**WORK INSTRUCTIONS:** Give back every record that follows, exactly as written.
-----
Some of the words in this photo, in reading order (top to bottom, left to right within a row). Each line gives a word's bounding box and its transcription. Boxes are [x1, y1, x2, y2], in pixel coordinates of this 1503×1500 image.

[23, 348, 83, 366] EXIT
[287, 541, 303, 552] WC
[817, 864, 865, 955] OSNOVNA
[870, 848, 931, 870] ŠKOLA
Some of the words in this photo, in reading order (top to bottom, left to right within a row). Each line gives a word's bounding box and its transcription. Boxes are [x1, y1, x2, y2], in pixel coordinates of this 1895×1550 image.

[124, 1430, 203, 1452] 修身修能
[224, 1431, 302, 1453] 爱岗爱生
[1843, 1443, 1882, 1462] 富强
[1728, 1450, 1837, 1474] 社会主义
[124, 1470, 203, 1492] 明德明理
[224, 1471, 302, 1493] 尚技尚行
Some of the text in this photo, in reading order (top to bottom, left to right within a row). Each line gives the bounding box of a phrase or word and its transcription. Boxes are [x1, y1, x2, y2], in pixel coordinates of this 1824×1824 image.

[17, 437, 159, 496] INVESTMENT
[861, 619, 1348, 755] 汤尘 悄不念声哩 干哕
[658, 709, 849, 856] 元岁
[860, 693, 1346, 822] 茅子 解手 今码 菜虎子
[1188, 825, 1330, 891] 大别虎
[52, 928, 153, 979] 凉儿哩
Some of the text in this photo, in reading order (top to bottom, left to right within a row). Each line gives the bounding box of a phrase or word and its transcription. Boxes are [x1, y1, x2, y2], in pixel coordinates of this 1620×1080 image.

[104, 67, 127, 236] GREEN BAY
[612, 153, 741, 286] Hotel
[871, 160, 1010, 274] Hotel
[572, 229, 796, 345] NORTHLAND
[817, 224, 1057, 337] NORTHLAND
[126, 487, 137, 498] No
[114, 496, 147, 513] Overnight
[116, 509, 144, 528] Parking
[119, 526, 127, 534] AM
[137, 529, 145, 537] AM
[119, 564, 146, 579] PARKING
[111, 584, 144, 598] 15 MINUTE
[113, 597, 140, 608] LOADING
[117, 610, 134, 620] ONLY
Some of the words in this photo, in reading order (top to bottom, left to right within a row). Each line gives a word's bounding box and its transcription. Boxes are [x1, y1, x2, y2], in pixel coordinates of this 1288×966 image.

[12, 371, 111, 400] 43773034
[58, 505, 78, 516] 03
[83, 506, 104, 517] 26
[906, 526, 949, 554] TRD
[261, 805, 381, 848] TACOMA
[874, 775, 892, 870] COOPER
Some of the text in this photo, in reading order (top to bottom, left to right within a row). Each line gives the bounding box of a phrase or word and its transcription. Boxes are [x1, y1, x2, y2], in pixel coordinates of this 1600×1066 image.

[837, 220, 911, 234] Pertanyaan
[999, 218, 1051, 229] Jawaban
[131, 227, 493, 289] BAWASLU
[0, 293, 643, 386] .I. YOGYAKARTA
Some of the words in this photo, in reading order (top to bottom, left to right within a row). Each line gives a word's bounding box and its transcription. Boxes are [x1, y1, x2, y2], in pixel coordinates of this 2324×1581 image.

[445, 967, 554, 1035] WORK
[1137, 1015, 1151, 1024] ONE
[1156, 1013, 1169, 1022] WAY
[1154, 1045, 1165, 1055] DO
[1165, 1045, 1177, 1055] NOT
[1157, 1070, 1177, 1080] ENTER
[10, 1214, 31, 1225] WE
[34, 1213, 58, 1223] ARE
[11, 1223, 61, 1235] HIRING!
-----
**OUTPUT OF THE EXERCISE:**
Some of the words in this photo, in reading order (top to bottom, left to right within a row). Each line gives a word's bounding box and its transcription. Boxes are [x1, y1, x2, y2], in pixel coordinates of this 1503×1500 image.

[23, 348, 83, 366] EXIT
[287, 541, 303, 552] WC
[817, 864, 865, 955] OSNOVNA
[870, 848, 931, 870] ŠKOLA
Some of the words in this photo, in reading order (top to bottom, left to right within a row). Each line gives a word's bounding box and its transcription. Boxes are [x1, y1, x2, y2], in pixel coordinates of this 1895×1550 image.

[124, 1430, 203, 1452] 修身修能
[224, 1431, 302, 1453] 爱岗爱生
[1843, 1443, 1882, 1462] 富强
[1728, 1450, 1837, 1474] 社会主义
[124, 1470, 203, 1492] 明德明理
[224, 1471, 302, 1493] 尚技尚行
Some of the text in this photo, in reading order (top to bottom, left to right within a row). Each line gives the bounding box of a phrase or word and its transcription. Boxes are [x1, y1, x2, y2], in pixel coordinates of this 1824×1824 image.

[17, 437, 159, 496] INVESTMENT
[861, 619, 1348, 755] 汤尘 悄不念声哩 干哕
[658, 709, 849, 856] 元岁
[860, 693, 1346, 822] 茅子 解手 今码 菜虎子
[1188, 825, 1330, 891] 大别虎
[52, 928, 153, 979] 凉儿哩
Some of the text in this photo, in reading order (top to bottom, left to right within a row). Each line gives the bounding box of a phrase or word and its transcription. Boxes are [x1, y1, x2, y2], in pixel coordinates of this 1620×1080 image.

[104, 67, 127, 236] GREEN BAY
[612, 153, 741, 286] Hotel
[871, 160, 1010, 274] Hotel
[572, 229, 796, 345] NORTHLAND
[817, 224, 1057, 337] NORTHLAND
[126, 487, 137, 498] No
[114, 496, 147, 513] Overnight
[116, 509, 144, 528] Parking
[119, 526, 127, 534] AM
[137, 529, 145, 537] AM
[119, 564, 146, 579] PARKING
[111, 584, 144, 598] 15 MINUTE
[113, 597, 140, 608] LOADING
[117, 610, 134, 620] ONLY
Some of the words in this photo, in reading order (top to bottom, left to right within a row). Each line gives a word's bounding box and its transcription. Boxes are [x1, y1, x2, y2], in pixel coordinates of this 1288×966 image.

[12, 371, 111, 400] 43773034
[58, 505, 78, 516] 03
[83, 506, 104, 517] 26
[906, 526, 949, 554] TRD
[261, 805, 381, 848] TACOMA
[874, 775, 892, 870] COOPER
Some of the text in this photo, in reading order (top to bottom, left to right within a row). Each line gives the bounding box of a phrase or word and its transcription. Boxes are [x1, y1, x2, y2], in pixel coordinates of this 1600×1066 image.

[837, 220, 911, 234] Pertanyaan
[999, 218, 1051, 229] Jawaban
[131, 227, 493, 289] BAWASLU
[0, 293, 643, 386] .I. YOGYAKARTA
Some of the words in this photo, in reading order (top to bottom, left to right within a row). Each line gives a word's bounding box and its transcription. Boxes are [x1, y1, x2, y2], in pixel coordinates of this 2324×1581 image.

[445, 967, 554, 1035] WORK
[1137, 1015, 1151, 1024] ONE
[1156, 1013, 1169, 1022] WAY
[1154, 1045, 1165, 1055] DO
[1165, 1045, 1177, 1055] NOT
[1157, 1070, 1177, 1080] ENTER
[10, 1214, 31, 1225] WE
[34, 1213, 58, 1223] ARE
[11, 1223, 61, 1235] HIRING!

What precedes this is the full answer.